"Too sleepy!" I said. After some further argument the messenger departed, but in ten minutes back he came. "El Capitan Fernando orders you to come at once! Vamonos!" Now the others woke up. "Come to the baile, meester!" they shouted. Juan Sanchez sat up and began pulling on his shoes. "Now we're off!" said he. "The meester is going to dance! Captain's orders! Come on, meester!"

"I'll go if all the Tropa does," I said. They raised a yell at that, and the night was full of chuckling men pulling on their clothes.

Twenty of us reached the house in a body. The mob of peons blocking door and window opened to let us pass. "The meester!" they cried. "The meester's going to dance!"

Capitan Fernando threw his arms about me, roaring: "Here he comes, the compañero! Dance now! Go to it! They're going to dance the jota!"

"But I don't know how to dance the jota!"

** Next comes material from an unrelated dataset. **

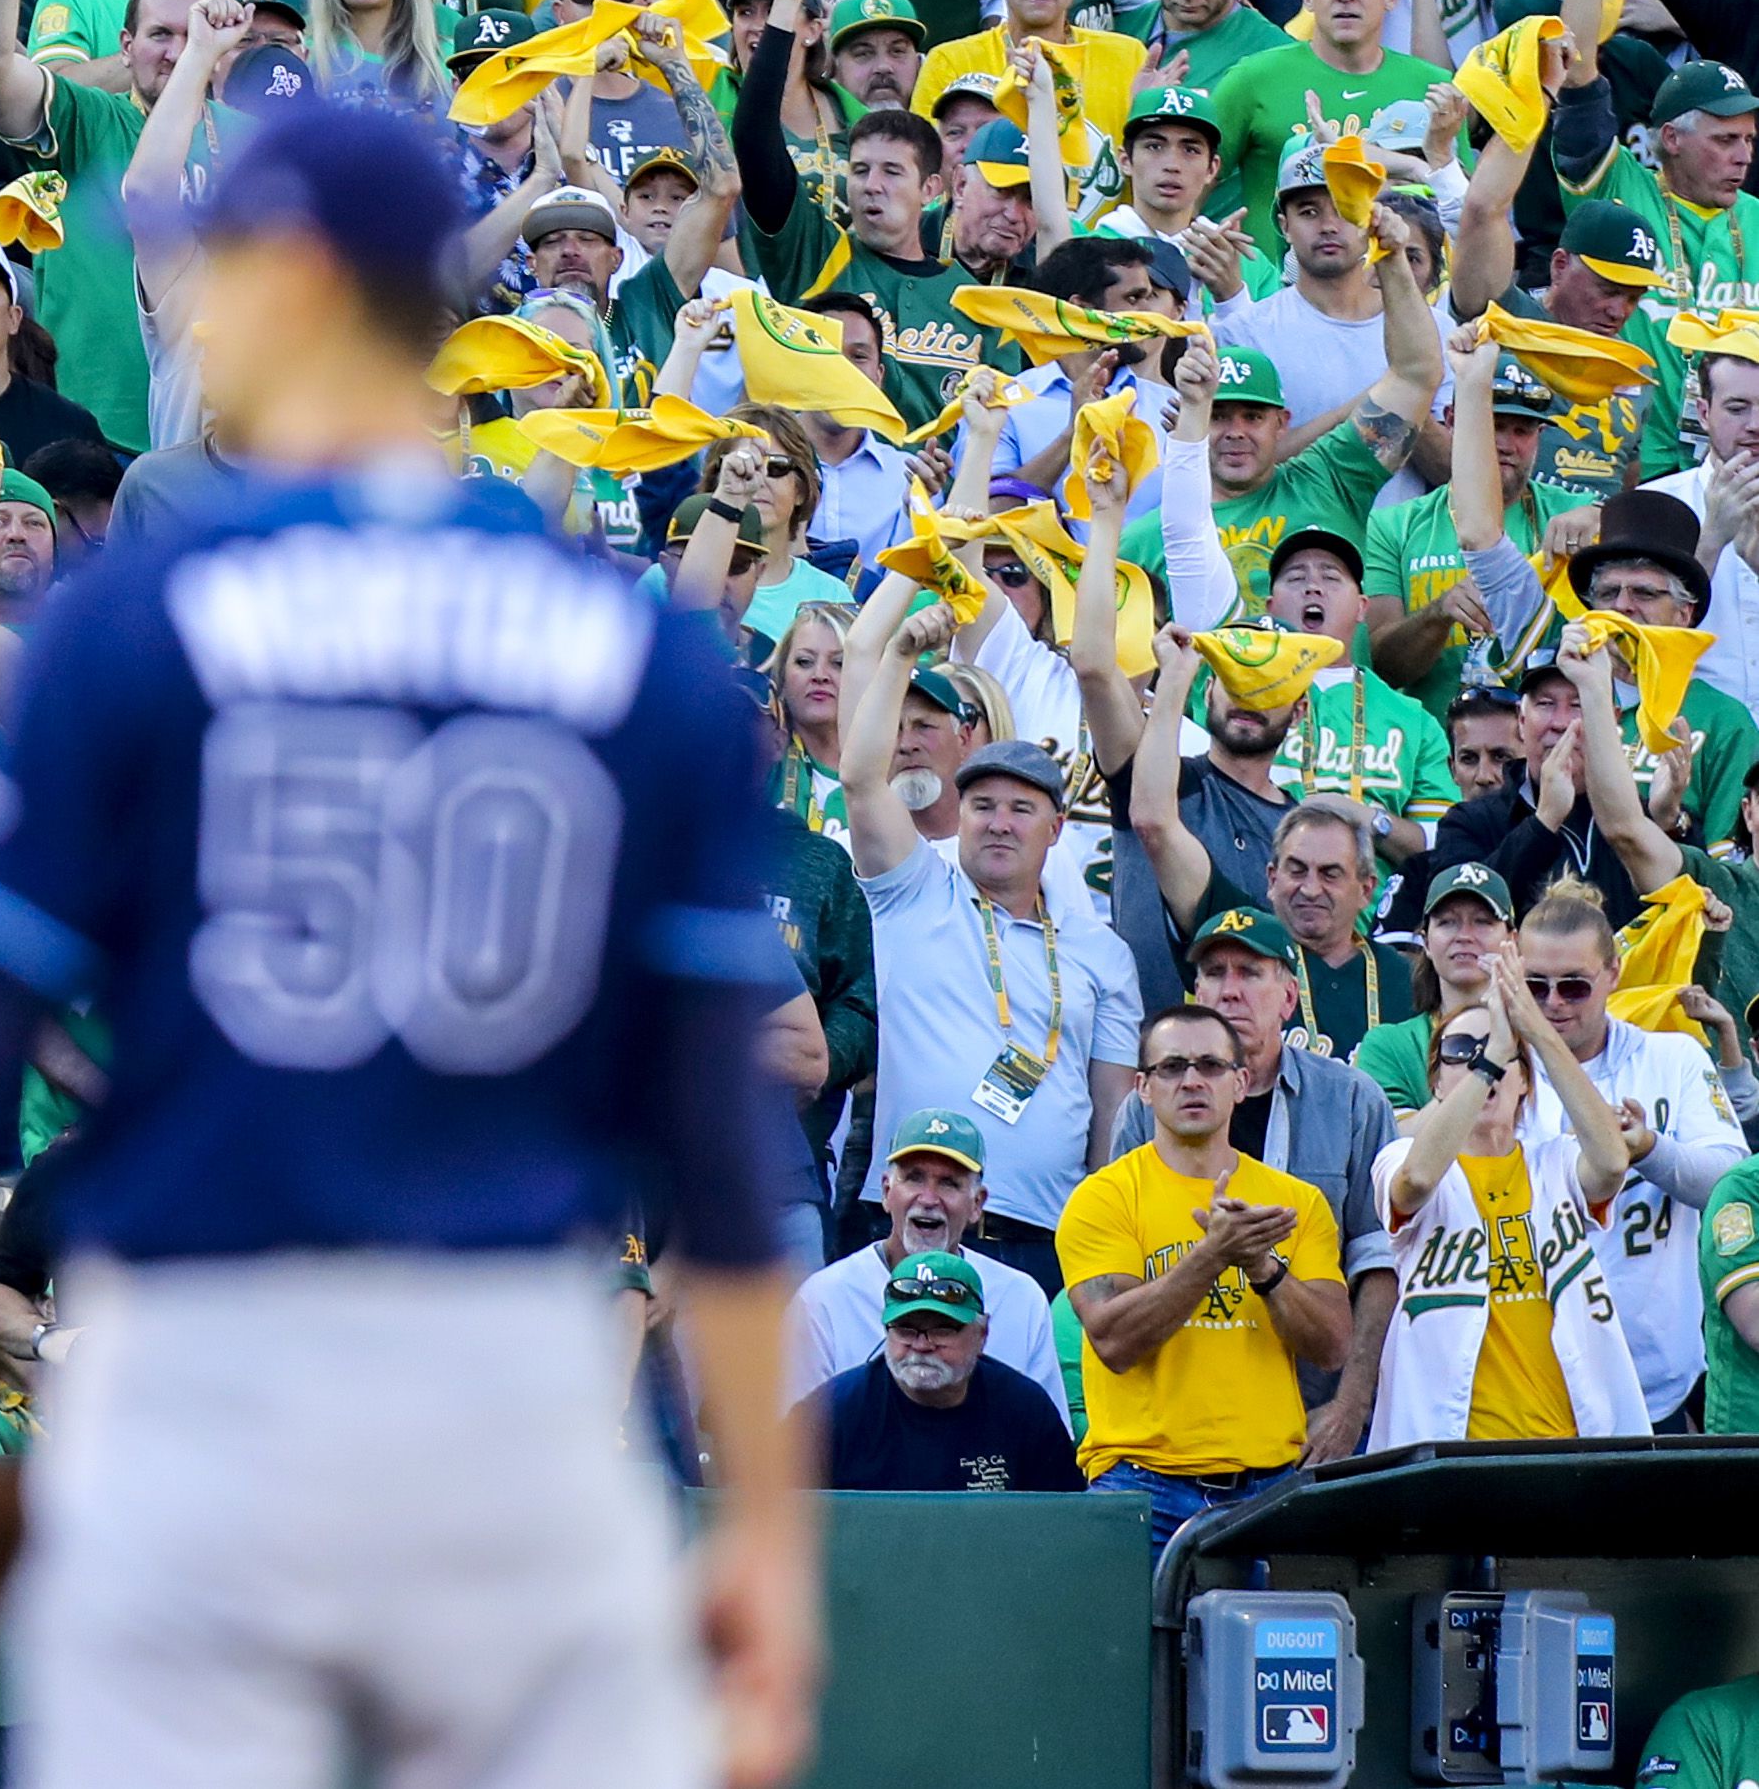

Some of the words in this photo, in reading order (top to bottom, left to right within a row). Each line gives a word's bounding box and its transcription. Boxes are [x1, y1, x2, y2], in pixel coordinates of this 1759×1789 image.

Patricio, flushed and panting, seized me by the arm. "Come on, it's easy! I'll introduce you to the best girl in the Zarca!"

There was nothing to do. The window was jammed with faces, and a hundred tried to crowd in at the door. It was an ordinary room in a peon's house, whitewashed, with a humpy dirt floor. In the light of two candles sat the musicians. The music struck up "Puentes á Chihuahua." A grinning silence fell. I gathered the young lady under my arm, and started the preliminary march around the room customary before the dance begins. We waltzed painfully for a moment or two, and suddenly they all began to yell: "Ora! Ora! Now!"

"What do you do now?"

"Vuelta! Vuelta! Loose her!" a perfect yell.

"But I don't know how!"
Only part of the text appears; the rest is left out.